Activity —
Transcribe every line below exactly; no image goes into the output.

Supplied information —

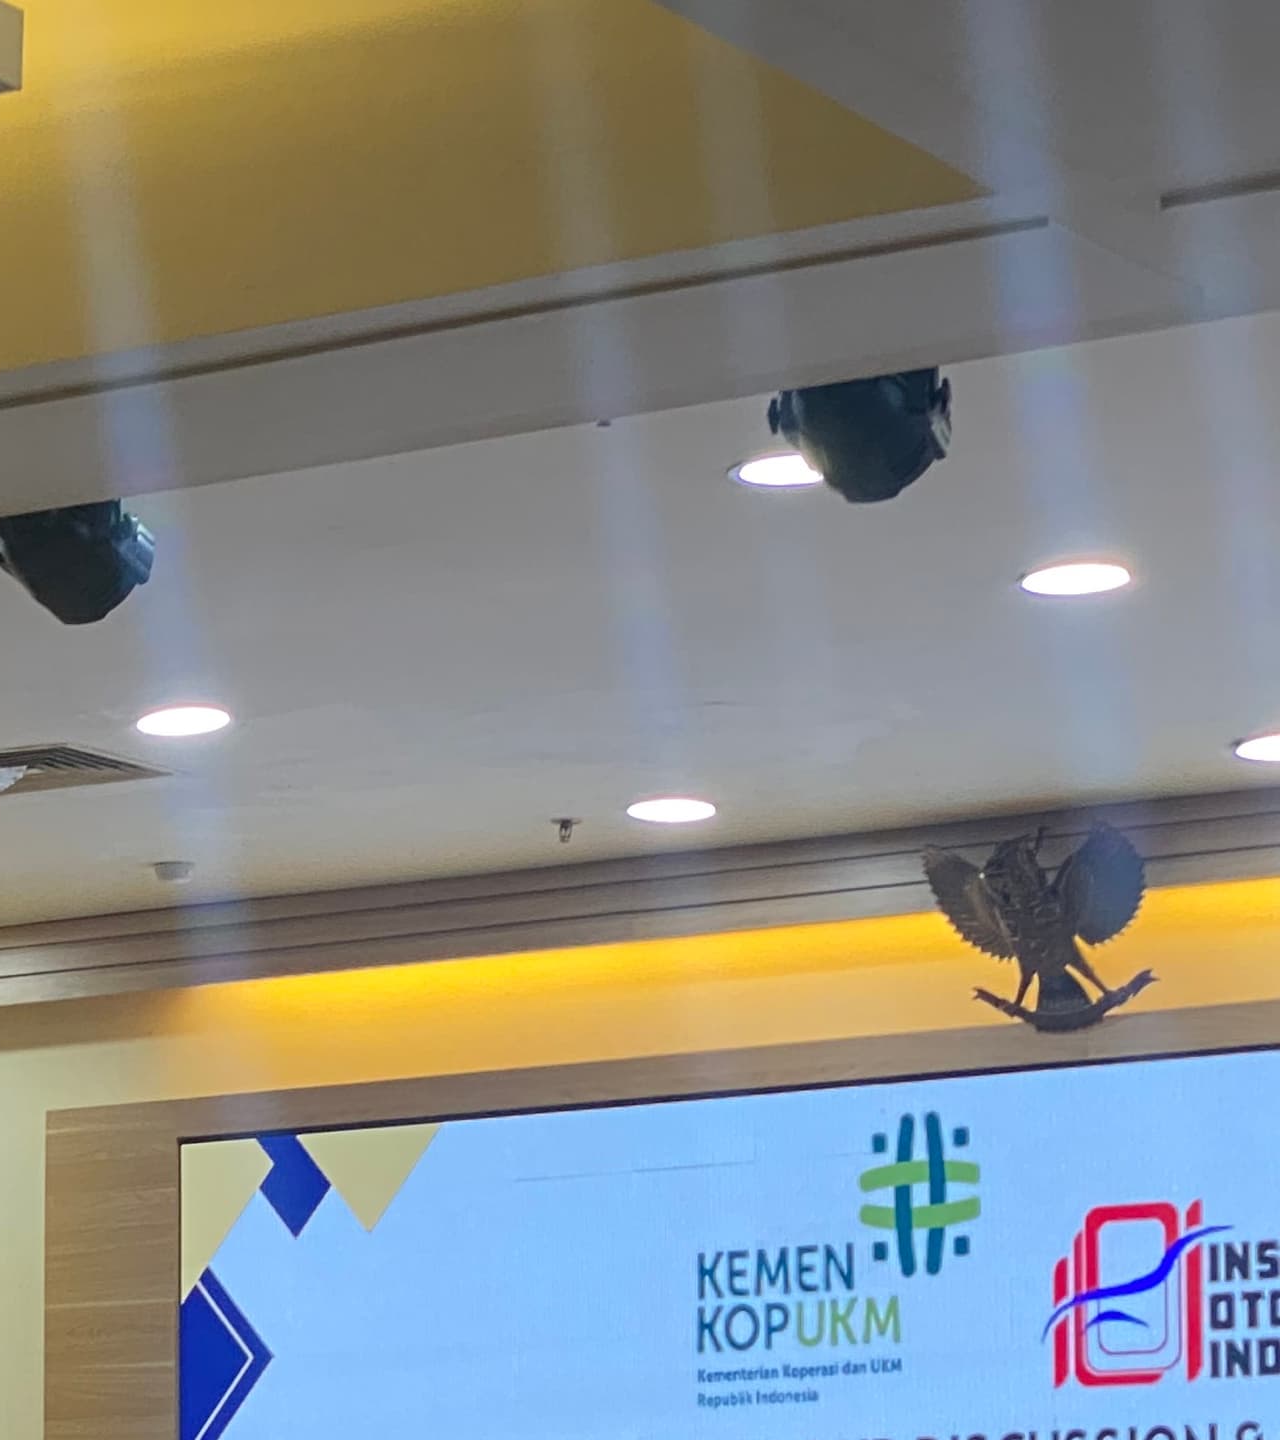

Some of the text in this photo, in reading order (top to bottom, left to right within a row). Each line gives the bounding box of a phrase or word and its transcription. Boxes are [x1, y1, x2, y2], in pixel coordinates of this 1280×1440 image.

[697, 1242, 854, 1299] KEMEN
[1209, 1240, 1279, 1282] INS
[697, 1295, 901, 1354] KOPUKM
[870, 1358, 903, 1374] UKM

Solution to this task —
Some of the text in this photo, in reading order (top to bottom, left to right within a row). Each line gives the bounding box of a phrase or word and its transcription. Boxes are [x1, y1, x2, y2], in pixel coordinates of this 1280×1440 image.

[697, 1242, 854, 1299] KEMEN
[1209, 1240, 1279, 1282] INS
[697, 1295, 901, 1354] KOPUKM
[870, 1358, 903, 1374] UKM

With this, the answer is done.